The Mirror and the Light was published earlier this year and, though it made the Booker longlist, it’s not on the shortlist. That seems more in the spirit of giving another author a chance than a critique of this new volume. It follows Cromwell in his final years, and, because I knew how it would end, I read its 750-plus pages in spread-out batches, extended my association with the protagonist and delaying the inevitable. I like to think Mantel felt the same reluctance for the story to end, accounting for the long wait.

Thomas Cromwell was the son of a violent, ill-educated blacksmith from the London suburb (then) of Putney, who rose to have extraordinary power in King Henry’s court. He had no army of his own, no particular following. Other than a few close allies, mostly among his family, the nobility, in fact, hated him and his influence. What he had in abundance was political acumen.

He made Henry a rich man and extended the king’s power and authority. He engineered the annulment of his marriage to his first wife, Catherine of Aragon, and his marriage to his second, Anne Boleyn. When Anne declined in royal favor, Cromwell again aided the king in ridding himself of an unwanted wife and placed Jane Seymour (probably the one of Henry’s six wives he loved best) in Henry’s path. After Jane’s untimely death, he negotiated with the German princes for a marriage to Anne of Cleves.

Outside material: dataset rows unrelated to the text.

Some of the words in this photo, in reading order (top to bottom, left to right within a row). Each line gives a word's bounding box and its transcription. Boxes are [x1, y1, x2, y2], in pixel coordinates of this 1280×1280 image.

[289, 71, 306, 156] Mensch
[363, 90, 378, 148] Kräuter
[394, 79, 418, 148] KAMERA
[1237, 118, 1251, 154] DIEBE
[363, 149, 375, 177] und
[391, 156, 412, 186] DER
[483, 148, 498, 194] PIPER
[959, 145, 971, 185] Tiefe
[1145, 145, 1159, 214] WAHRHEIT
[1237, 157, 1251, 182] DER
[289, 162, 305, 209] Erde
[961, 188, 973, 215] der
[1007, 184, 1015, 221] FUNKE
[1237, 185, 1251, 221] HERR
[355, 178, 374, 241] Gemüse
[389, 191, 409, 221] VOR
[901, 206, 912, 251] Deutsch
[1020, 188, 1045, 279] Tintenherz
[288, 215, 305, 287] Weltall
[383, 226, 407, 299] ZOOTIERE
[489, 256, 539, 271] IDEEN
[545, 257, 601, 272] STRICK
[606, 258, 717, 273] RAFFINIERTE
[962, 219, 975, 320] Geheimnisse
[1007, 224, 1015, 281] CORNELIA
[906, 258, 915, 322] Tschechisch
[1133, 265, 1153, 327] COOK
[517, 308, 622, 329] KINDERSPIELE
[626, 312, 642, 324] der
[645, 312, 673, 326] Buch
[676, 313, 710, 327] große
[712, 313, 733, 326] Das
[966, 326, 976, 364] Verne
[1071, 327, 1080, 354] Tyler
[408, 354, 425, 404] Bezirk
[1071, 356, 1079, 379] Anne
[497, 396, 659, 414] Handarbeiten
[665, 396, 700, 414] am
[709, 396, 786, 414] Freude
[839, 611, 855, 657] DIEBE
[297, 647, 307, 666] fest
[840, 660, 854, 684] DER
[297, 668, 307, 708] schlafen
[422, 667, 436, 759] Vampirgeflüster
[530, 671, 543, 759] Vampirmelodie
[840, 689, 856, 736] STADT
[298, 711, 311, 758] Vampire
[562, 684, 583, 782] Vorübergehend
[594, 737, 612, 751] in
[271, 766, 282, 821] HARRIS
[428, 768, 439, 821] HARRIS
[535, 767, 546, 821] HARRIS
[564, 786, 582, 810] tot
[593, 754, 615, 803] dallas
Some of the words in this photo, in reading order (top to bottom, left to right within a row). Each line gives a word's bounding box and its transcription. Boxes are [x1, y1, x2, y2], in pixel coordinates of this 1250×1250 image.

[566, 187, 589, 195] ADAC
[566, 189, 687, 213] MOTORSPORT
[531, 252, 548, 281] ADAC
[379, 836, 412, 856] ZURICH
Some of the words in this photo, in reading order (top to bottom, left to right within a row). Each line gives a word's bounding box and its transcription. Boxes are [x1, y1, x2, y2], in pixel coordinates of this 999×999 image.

But there was so much more to Cromwell than bedroom politics. He oversaw the dismantling of Church properties, as he and Henry established the king as the head of the Church of England, not the Pope in Rome. He maneuvered against the Spanish, the French, and the Holy Roman Empire to protect his king and further his interests. In a nutshell, he saw the future and England’s role in it, laying the groundwork for a modern nation led by skill and intellect, not birthright.

Mantel’s trilogy benefits from the tumultuous times in which Cromwell lived. But beyond the inherent drama of the story, her books are an astonishing feat of imagination. In no aspect of his life is Cromwell dealt with superficially. He is a wholly imagined person, with a chess-player’s ability to think many moves ahead.

Over the centuries, other chroniclers have portrayed him as ruthless and ambitious—a characterization his enemies among the nobility would have spread about—Mantel’s books employ the skills of a mind-reader, making him a person of much greater depth. His enemies claimed he wanted to be king, but in her telling, he wanted only to serve his king.

Bottom line? Any author who can help you know so intimately and care so deeply about a person who died almost 500 years ago has accomplished something indeed.